Die Graugans wird von der IUCN aufgrund ihrer weiten Verbreitung und ihres wachsenden Bestands in vielen Regionen Europas als nicht gefährdet eingestuft. Dieser Trend ist auf ihre hohe Anpassungsfähigkeit, die Nutzung landwirtschaftlicher Nutzpflanzen als Nahrungsquelle und den verringerten Jagddruck in einigen Ländern zurückzuführen. Sie ist jedoch besonderen Bedrohungen ausgesetzt, wie dem Verlust von Feuchtgebieten, Störungen durch den Menschen, illegaler Jagd und der Gefahr der Ansteckung durch Krankheiten wie die Vogelgrippe. In städtischen oder landwirtschaftlichen Gebieten kann sie als Schädling betrachtet werden, was zu Populationskontrollprogrammen geführt hat. Sie ist nicht in den CITES-Anhängen aufgeführt, wird aber durch Konventionen wie die Vogelschutzrichtlinie der Europäischen Union geschützt.

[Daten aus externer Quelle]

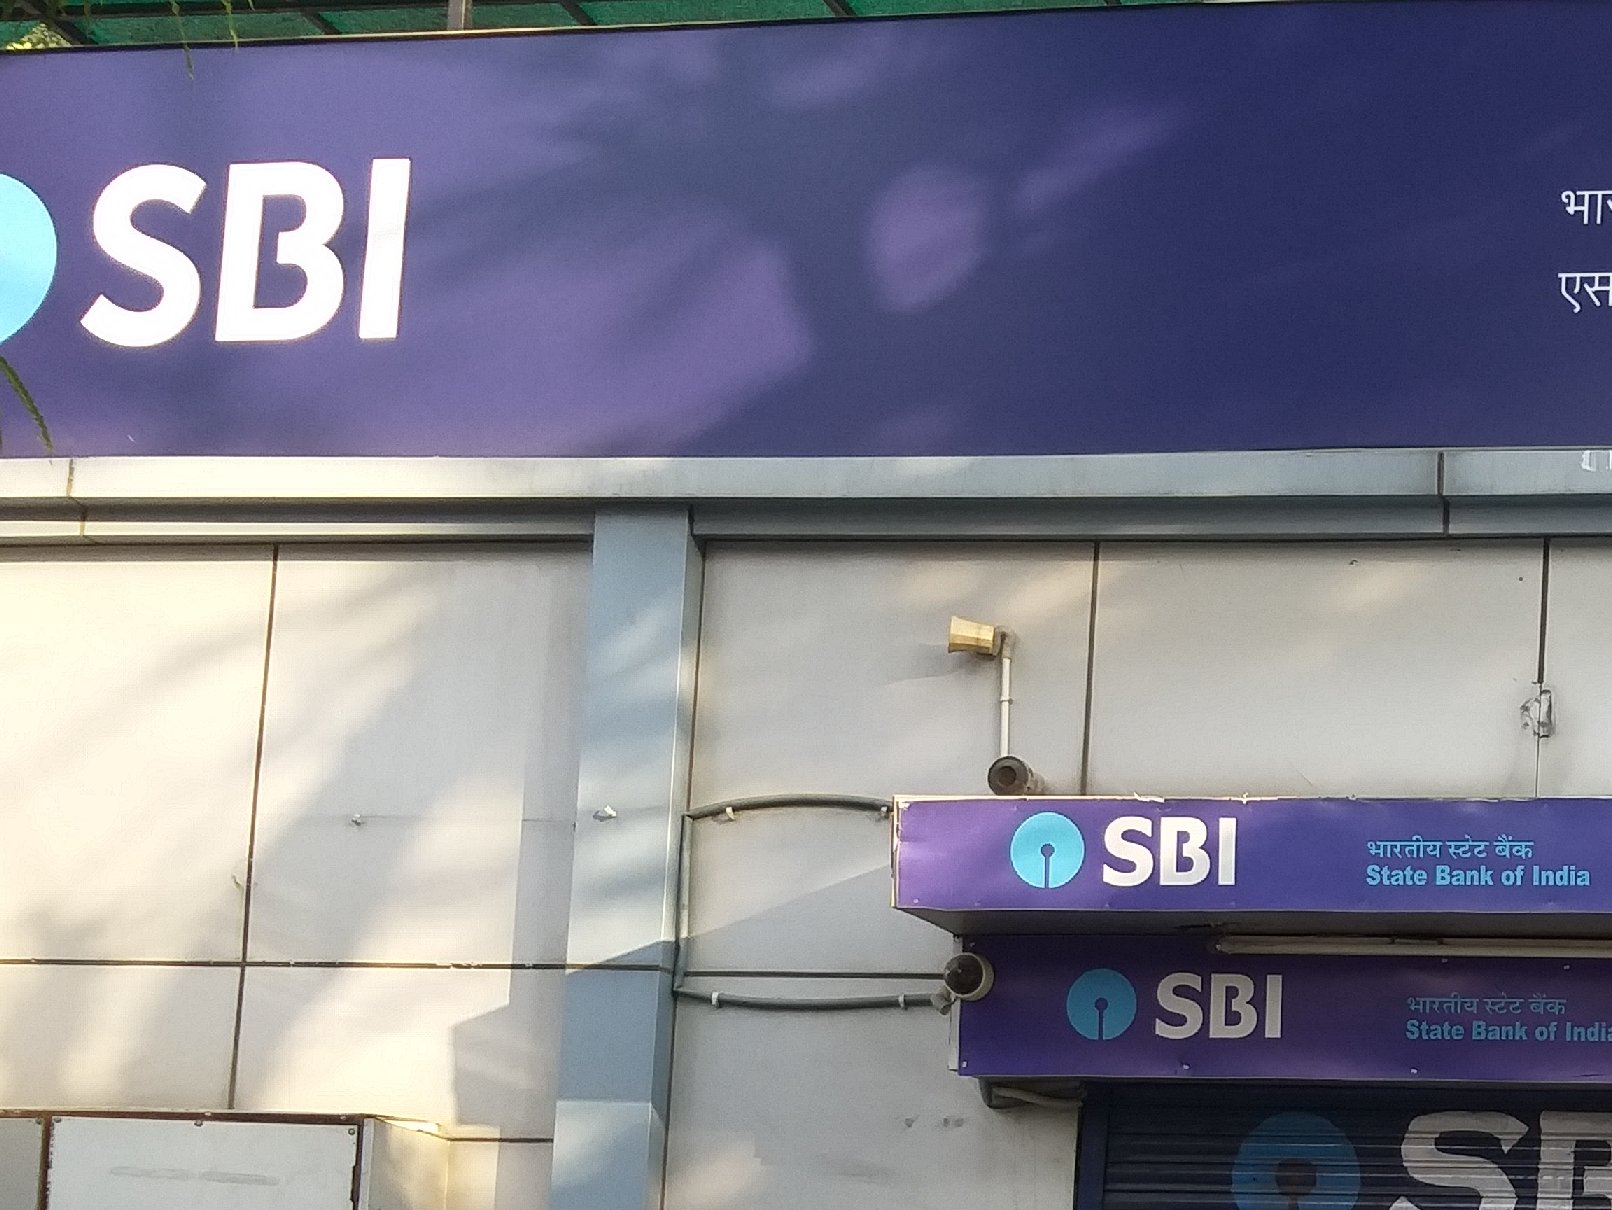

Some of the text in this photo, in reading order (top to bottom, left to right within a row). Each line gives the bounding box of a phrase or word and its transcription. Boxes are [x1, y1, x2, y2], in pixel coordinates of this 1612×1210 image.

In europäischen Reservaten und Feuchtgebieten ist sie eine der sichtbarsten und wertvollsten Arten. Der Schutz der Graugans hängt von der Erhaltung funktionierender Feuchtgebiete, einer nachhaltigen Agrarpolitik und einem angemessenen Management der städtischen und wandernden Populationen ab.
Die Graugans ist der direkte Vorfahre der europäischen Hausgans und wurde vor über 3000 Jahren domestiziert.
Sein wissenschaftlicher Name Anser anser bedeutet auf Latein wörtlich „Gansgans“.
Aufgrund der Studien von Konrad Lorenz zur „Prägung“ ist es eines der bekanntesten Tiermodelle in der Ethologie.
Es wurde dokumentiert, dass homosexuelle Paare (normalerweise Männer) bei der Inkubation zusammenarbeiten, wenn sie Eier erhalten.
Sie bilden hochorganisierte Schwärme, die in V-Formation fliegen, um Energie zu sparen und während des Fluges zu kommunizieren.
Die Jungen folgen ihrer Mutter vom ersten Tag an, reagieren auf ihre Stimme und lernen Migrationsrouten durch Nachahmung.
Es kann sich Jahr für Jahr mit großer Genauigkeit an Wanderrouten und Rastplätze erinnern.
Er ernährt sich in landwirtschaftlichen Gebieten von Getreide, Wurzeln und Rüben und kann erhebliche Schäden an den Ernten verursachen.
Es verfügt über ein vielfältiges Stimmrepertoire und sein klangvolles Krächzen ist weithin hörbar.
Die östliche Unterart (A. a. rubrirostris) zeichnet sich durch ihren rötlicheren Schnabel und ihre größere Größe aus.
In einigen Gebieten hat er städtische Umgebungen und Parks besiedelt, wo er sich erfolgreich vermehrt.
Er ist eine der wichtigsten Arten bei der Vogelbeobachtung in Europa während des Herbst- und Winterzugs.
In Zentralasien und China überwintert er auf Reisfeldern und großen Binnenlagunen.
Migration wird kulturell weitergegeben: Erwachsene bringen jungen Menschen traditionelle Flugrouten bei.
Die hierarchische Struktur der Herde reduziert Konflikte und erhöht die Effektivität kollektiver Bewegungen.
In Ruhegebieten setzt er Wächter ein, die mit Lautäußerungen Alarm schlagen, wenn sie Raubtiere entdecken.
Es wird seit der Antike in Texten, der Kunst und der Mythologie als Symbol der Wachsamkeit und Treue dargestellt.